Did very well today. Got a 2 man limit fishing from marina bay to the dam. Caught 35-40 fish total. Finally found some decent sized fish. Tried to post pic from my iPhone but I kept getting file upload error. Will post pics once I figure out how to get them from my phone. Cold morning but it warmed up nicely.


----------



## Schatty (Jul 13, 2012)

Here is a pic of today's catch.


----------



## Schatty (Jul 13, 2012)

Catfish_hunter. Got your pm. Will shoot you back a PM.


----------



## avantifishski (Apr 8, 2012)

Not to Shatty......lol

posted using Outdoor Hub Campfire


----------



## dgatrell27 (Jan 10, 2012)

what they been biting on up there? went up last week and only caught a dink ski while bass fishing.


----------



## BeerBatter (Aug 1, 2006)

Way to whack em Schatty!!!


----------



## baiterben (Apr 8, 2012)

mmm mmm. they sure look tasty. Great job!


----------



## kasting king (Aug 17, 2006)

Anybody have advice on a starting point/program for eyes or ski for this weekend? Its been years since we have fished piedmont.


Thanks Andrew


----------



## wave warrior (Oct 2, 2005)

kasting king said:


> Anybody have advice on a starting point/program for eyes or ski for this weekend? Its been years since we have fished piedmont.
> 
> 
> Thanks Andrew


Andy, fish should still be around the roadbed area and back towards the marina...i would start in 18' and work my way shallow!!! leadcore and cranks trolled all thru there was working for guys recently, we didnt do as well with vibes but still caught fish! Good Luck! I would join ya bet headed to Maumee fri-sun!


----------



## j-fox.4 (Jun 30, 2007)

anybody mind sharing a water temp?


----------



## BassCatcher12 (Jun 24, 2005)

41 by 1 O'clock today.


----------



## Lewis (Apr 5, 2004)

If the smallest fish in the above picture are at the legal 15" inch size limit then the 3 biggest are giants for Piedmont.


----------



## Reel em In (Jun 20, 2004)

Thinking the same thing Lewis


----------



## Schatty (Jul 13, 2012)

All are over 15". The three biggest in the pic are between 22 and 24". We have been catching about 20 fish between 14 and 14.5 inches each trip this year. Hopefully these fish eat well and grow an inch yet this year. Caught lots yesterday and today but only pulled 4 keepers out of about 70 fish.


----------



## fisherFL (Oct 23, 2012)

Schatty said:


> All are over 15". The three biggest in the pic are between 22 and 24". We have been catching about 20 fish between 14 and 14.5 inches each trip this year. Hopefully these fish eat well and grow an inch yet this year. Caught lots yesterday and today but only pulled 4 keepers out of about 70 fish.

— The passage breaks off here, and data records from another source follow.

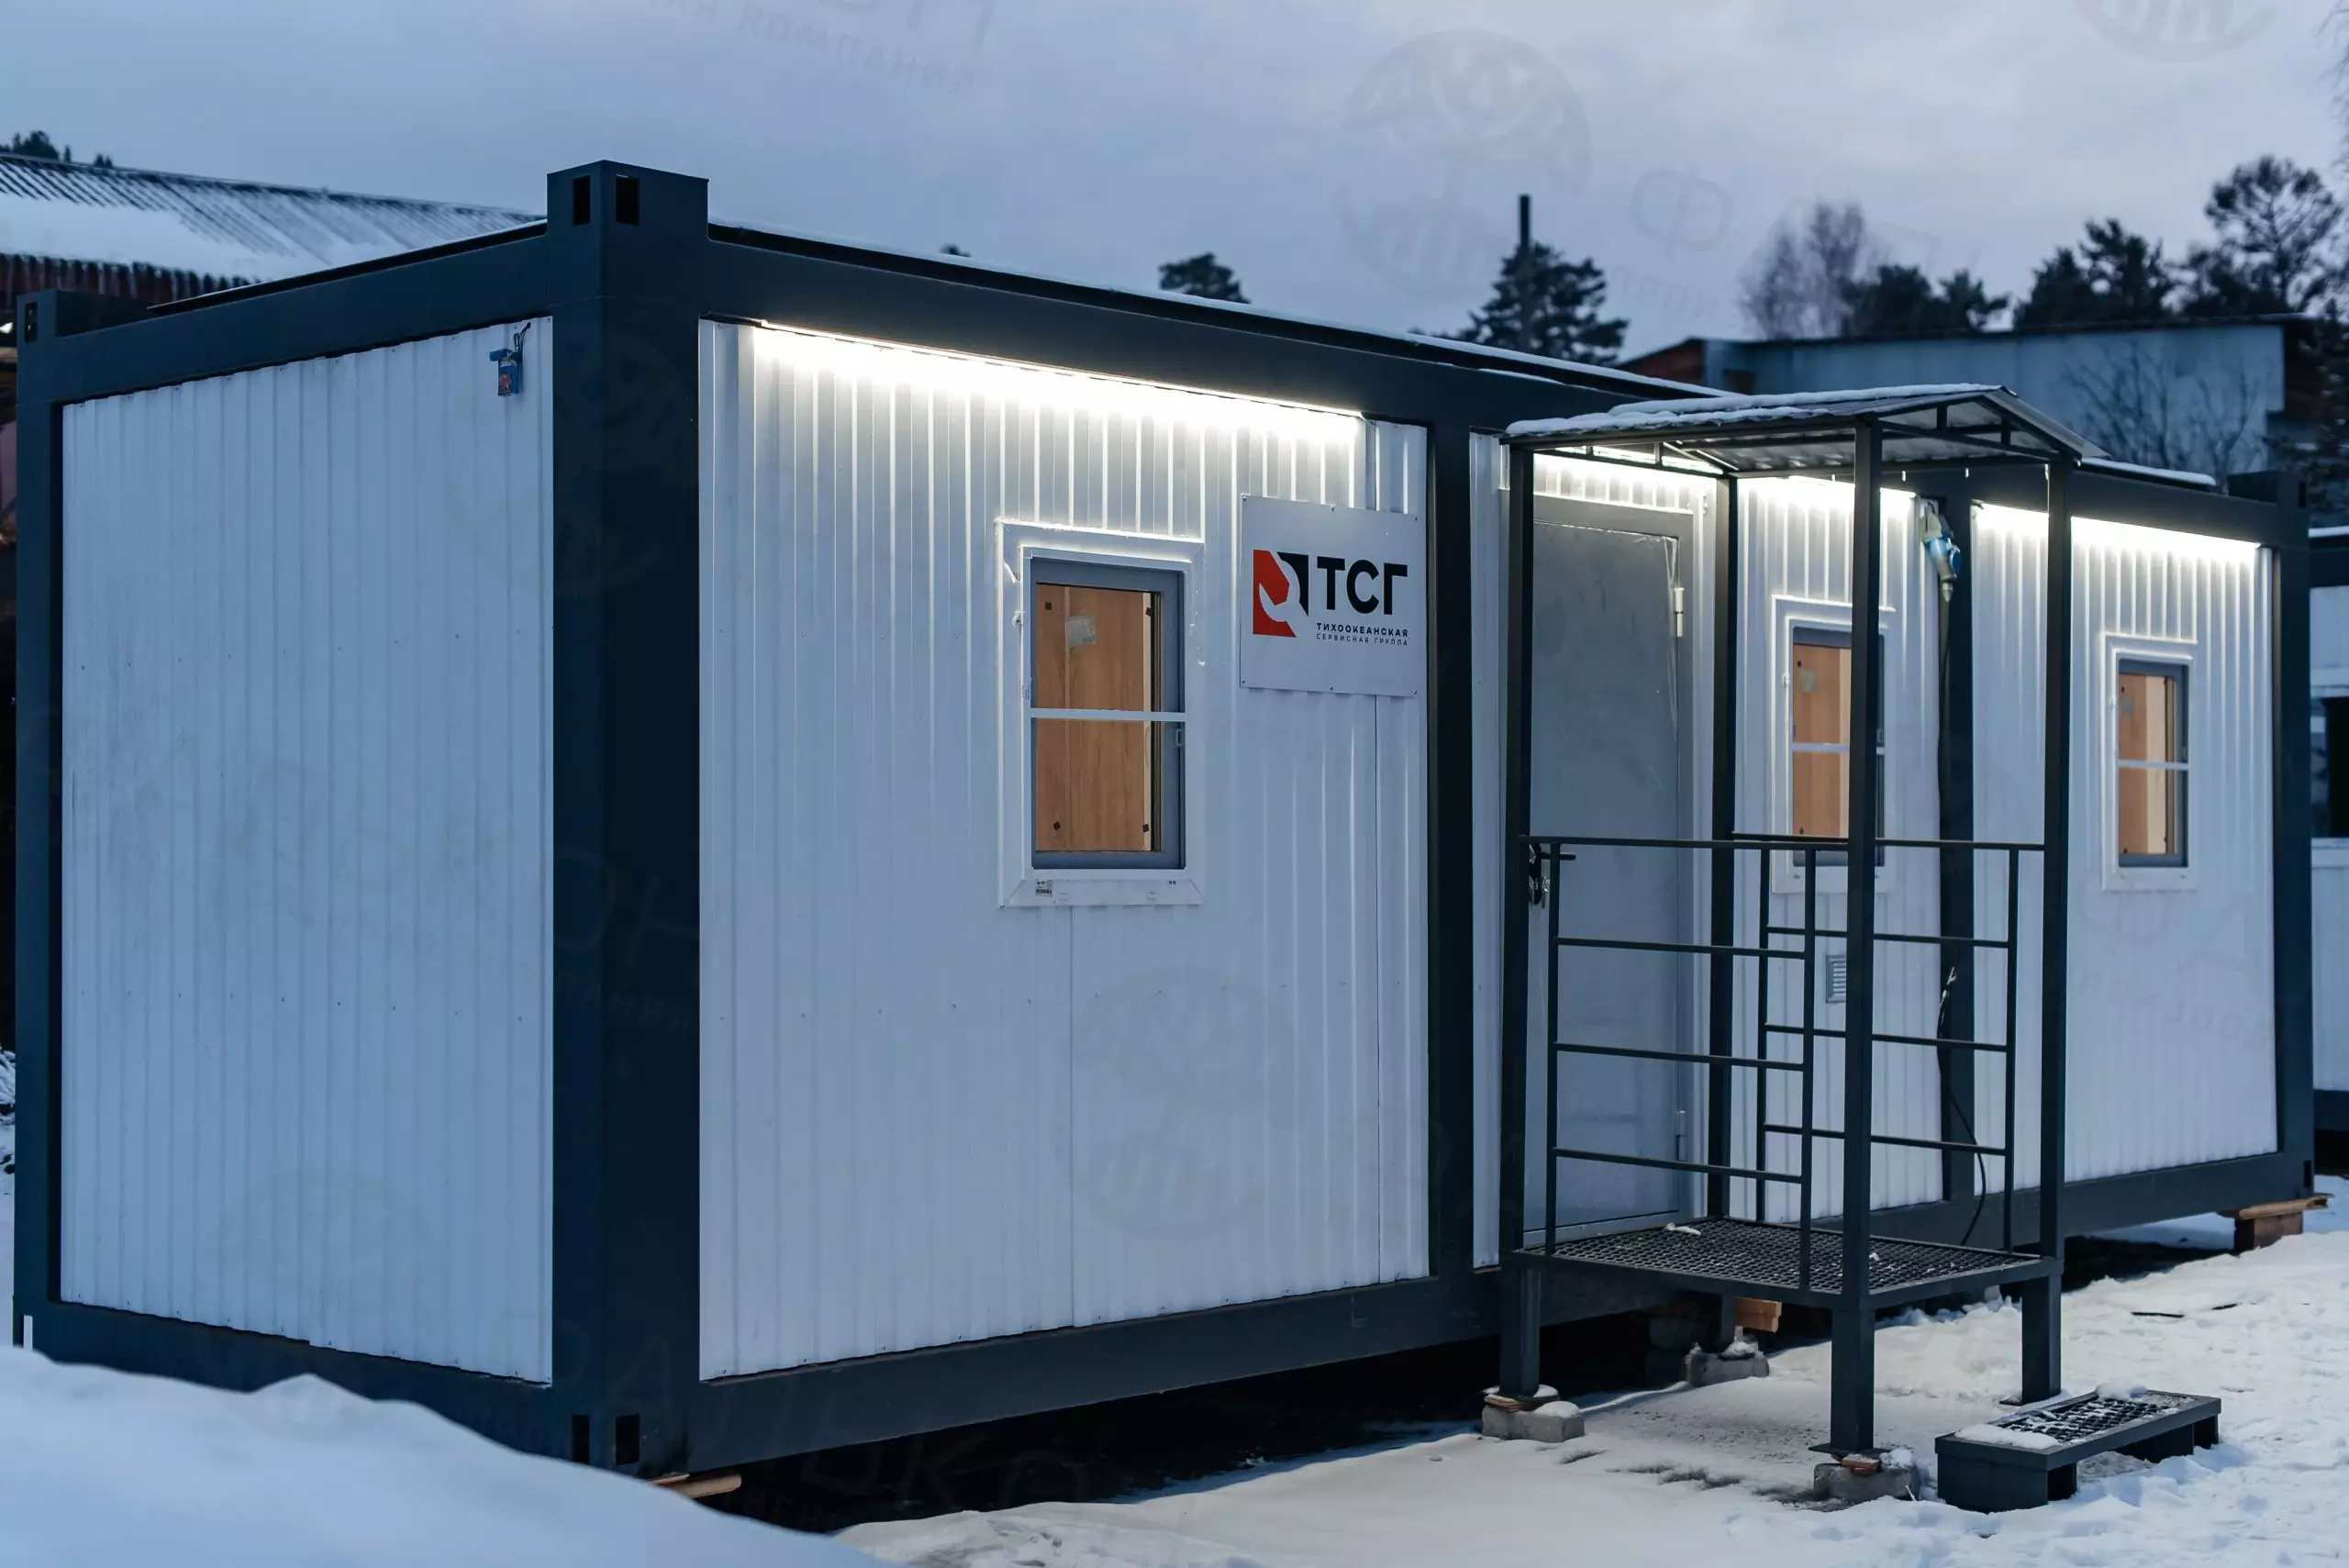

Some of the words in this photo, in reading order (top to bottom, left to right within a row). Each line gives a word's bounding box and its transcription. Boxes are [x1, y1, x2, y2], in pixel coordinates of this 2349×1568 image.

[1317, 555, 1408, 616] ТСГ
[1316, 622, 1408, 638] ТИХООКЕАНСКАЯ
[1316, 633, 1369, 643] СЕРВИСНАЯ
[1374, 637, 1408, 646] ГРУППА
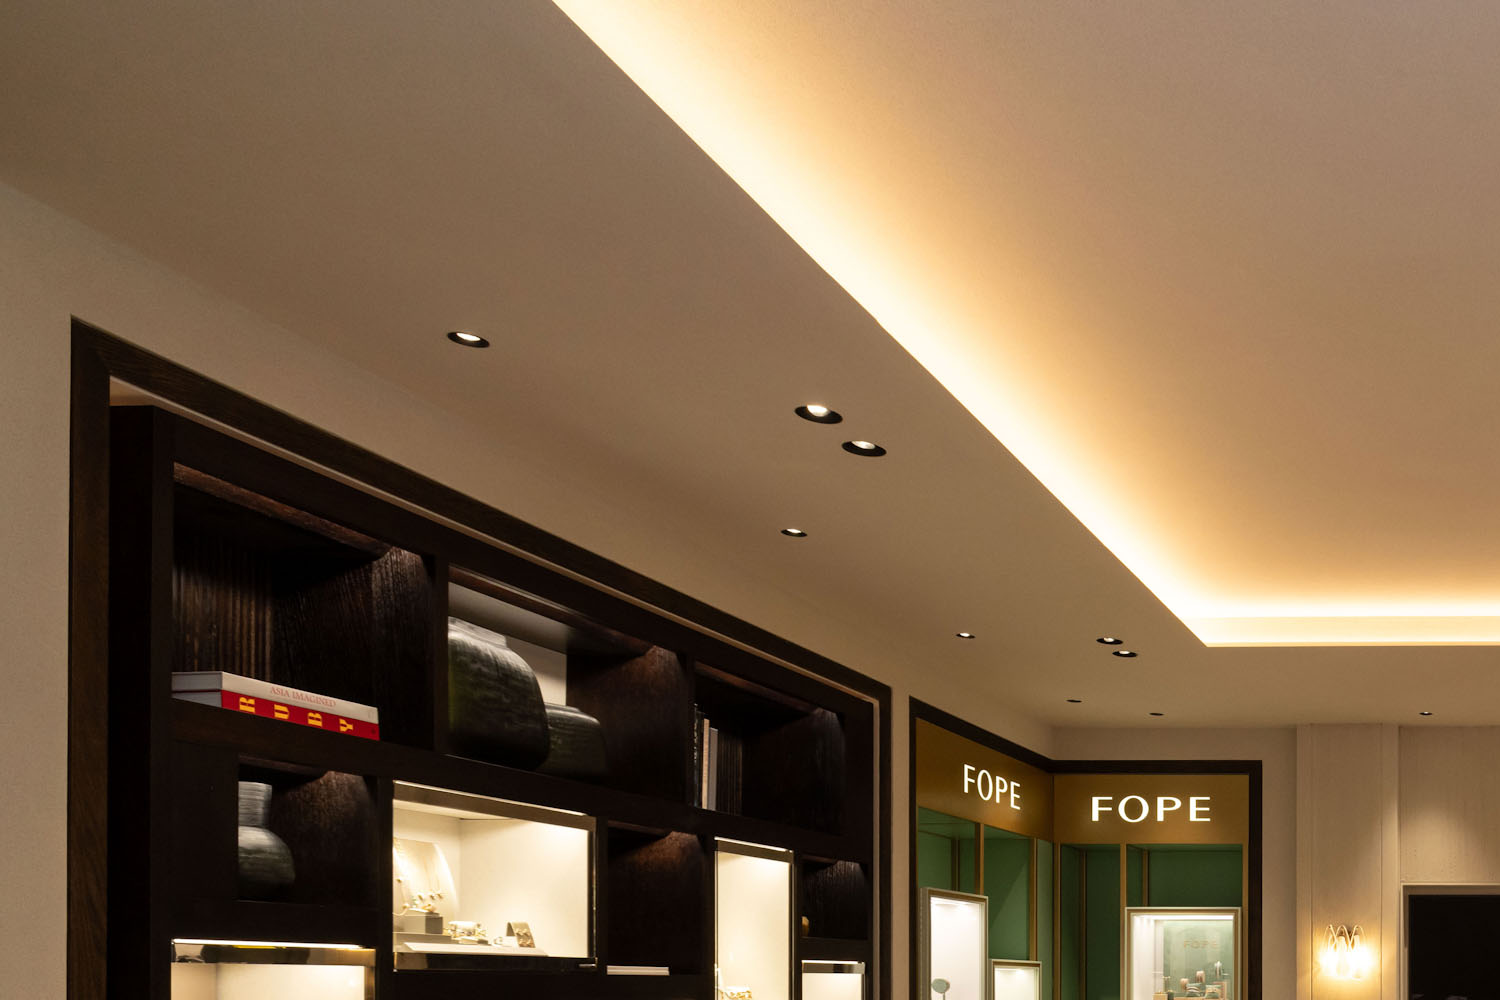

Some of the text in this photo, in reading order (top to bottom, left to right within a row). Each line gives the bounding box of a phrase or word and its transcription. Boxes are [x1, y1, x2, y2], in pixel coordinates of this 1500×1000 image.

[271, 686, 337, 708] ASIA IMAGINED
[239, 696, 354, 732] RUBY
[963, 763, 1021, 811] FOPE
[1091, 795, 1211, 823] FOPE

I get to fish piedmont in the summer time because my dads buddy has a cabin down there but I was wondering do you target them in the same areas in the summer as you would now?


Posted using Outdoor Hub Campfire


----------



## Schatty (Jul 13, 2012)

This time of year there are lots of saugeye around the dam area to the marina. Once the water warms up and after the spawn the fish usually scatter and you can find them throughout the lake on shallow flats. We catch saugeyes in as little as 4 or 5 feet of water in May and June.


----------



## Dman (Mar 20, 2012)

Was at Piedmont on 3/29. Couldn't find the right combo for the eyes but did manage 2 ski's. One dink about 22 and another 33 inch. Would like to know the combo for the eyes if anyone can help! Tried jigging vibes and trolling worm harness but no luck. What did we do wrong?


----------